IoU calculation using predicted and reference bounding boxes.
This section compares the proposed CAM-K-OD method with two other commonly used computer vision models: U-Net (a segmentation network) and EfficientDet (an object detection architecture). The primary purpose of these comparisons is to demonstrate the effectiveness of CAM-K-OD in detecting corrosion, as well as to highlight any notable performance differences among the three approaches when they are applied to the same dataset.
Figure 18 displays the expected areas of corrosion as determined by analyses of various steel bridges. In each subfigure (a–e), the green box shows the actual corrosion (ground truth), while the red box shows the area identified by the model. It can be seen that the bounding boxes for each analysis using CAM-K-OD identify areas near the bounding boxes of the actual corrosion areas.




Figure 18.
Examples of using CAM-K-OD to determine the corroded area.

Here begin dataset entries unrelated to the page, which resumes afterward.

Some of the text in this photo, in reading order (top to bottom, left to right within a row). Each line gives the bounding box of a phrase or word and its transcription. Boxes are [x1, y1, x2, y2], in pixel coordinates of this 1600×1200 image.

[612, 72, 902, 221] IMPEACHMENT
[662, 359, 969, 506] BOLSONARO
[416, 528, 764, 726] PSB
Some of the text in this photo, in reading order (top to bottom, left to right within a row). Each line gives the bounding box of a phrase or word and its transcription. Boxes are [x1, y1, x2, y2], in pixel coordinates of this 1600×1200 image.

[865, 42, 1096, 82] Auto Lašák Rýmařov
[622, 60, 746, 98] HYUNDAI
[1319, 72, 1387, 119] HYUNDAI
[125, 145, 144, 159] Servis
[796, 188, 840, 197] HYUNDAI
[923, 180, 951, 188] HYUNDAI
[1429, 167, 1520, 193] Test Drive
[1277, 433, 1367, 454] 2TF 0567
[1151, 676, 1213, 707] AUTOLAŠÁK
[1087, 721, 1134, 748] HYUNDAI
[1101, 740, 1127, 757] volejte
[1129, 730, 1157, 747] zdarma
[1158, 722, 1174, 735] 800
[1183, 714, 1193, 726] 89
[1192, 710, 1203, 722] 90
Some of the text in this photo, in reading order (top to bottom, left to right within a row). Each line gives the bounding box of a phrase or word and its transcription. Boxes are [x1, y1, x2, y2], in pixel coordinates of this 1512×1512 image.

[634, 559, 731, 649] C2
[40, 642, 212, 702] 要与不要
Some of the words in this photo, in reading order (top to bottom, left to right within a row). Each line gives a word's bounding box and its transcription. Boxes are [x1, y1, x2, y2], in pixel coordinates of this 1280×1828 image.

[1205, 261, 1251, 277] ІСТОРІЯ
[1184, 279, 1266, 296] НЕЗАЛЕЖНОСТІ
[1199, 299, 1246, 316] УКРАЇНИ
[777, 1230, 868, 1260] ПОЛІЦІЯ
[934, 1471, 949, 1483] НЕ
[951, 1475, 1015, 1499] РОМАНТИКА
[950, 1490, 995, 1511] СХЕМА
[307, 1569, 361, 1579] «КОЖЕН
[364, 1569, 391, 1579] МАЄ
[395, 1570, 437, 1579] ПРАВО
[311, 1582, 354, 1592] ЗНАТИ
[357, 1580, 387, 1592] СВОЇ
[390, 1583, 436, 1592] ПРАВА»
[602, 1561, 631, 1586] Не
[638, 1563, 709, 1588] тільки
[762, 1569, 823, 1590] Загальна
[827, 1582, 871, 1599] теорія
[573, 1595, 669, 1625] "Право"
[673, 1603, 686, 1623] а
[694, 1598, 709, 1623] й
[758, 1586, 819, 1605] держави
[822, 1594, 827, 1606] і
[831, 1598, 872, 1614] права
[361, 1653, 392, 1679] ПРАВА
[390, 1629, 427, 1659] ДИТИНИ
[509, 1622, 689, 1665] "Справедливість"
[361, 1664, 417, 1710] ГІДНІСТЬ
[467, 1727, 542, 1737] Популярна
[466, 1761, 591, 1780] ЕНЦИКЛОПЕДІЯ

The results enable a comparison of the performance of three computer vision models: CAM-K-OD, U-Net, and EfficientDet. The models were evaluated on five different test images, labeled as Figure 18a through to Figure 18e, and their average IoU was also calculated. A higher IoU indicates a better performance. Of the three architectures, CAM-K-OD demonstrated superior spatial accuracy, yielding an average IoU of 0.731, outperforming EfficientDet (mean IoU = 0.640) and U-Net (mean IoU = 0.633). Looking at the individual test images, it can be seen that CAM-K-OD performs consistently well across all five images, with an IoU ranging from 0.635 to 0.783. U-Net performs well on some images (e.g., Figure 18c, where it had an IoU of 0.682) but not as well on others (e.g., Figure 18b, where it had an IoU of 0.483). EfficientDet performs similarly to U-Net, but with slightly higher IoU scores overall.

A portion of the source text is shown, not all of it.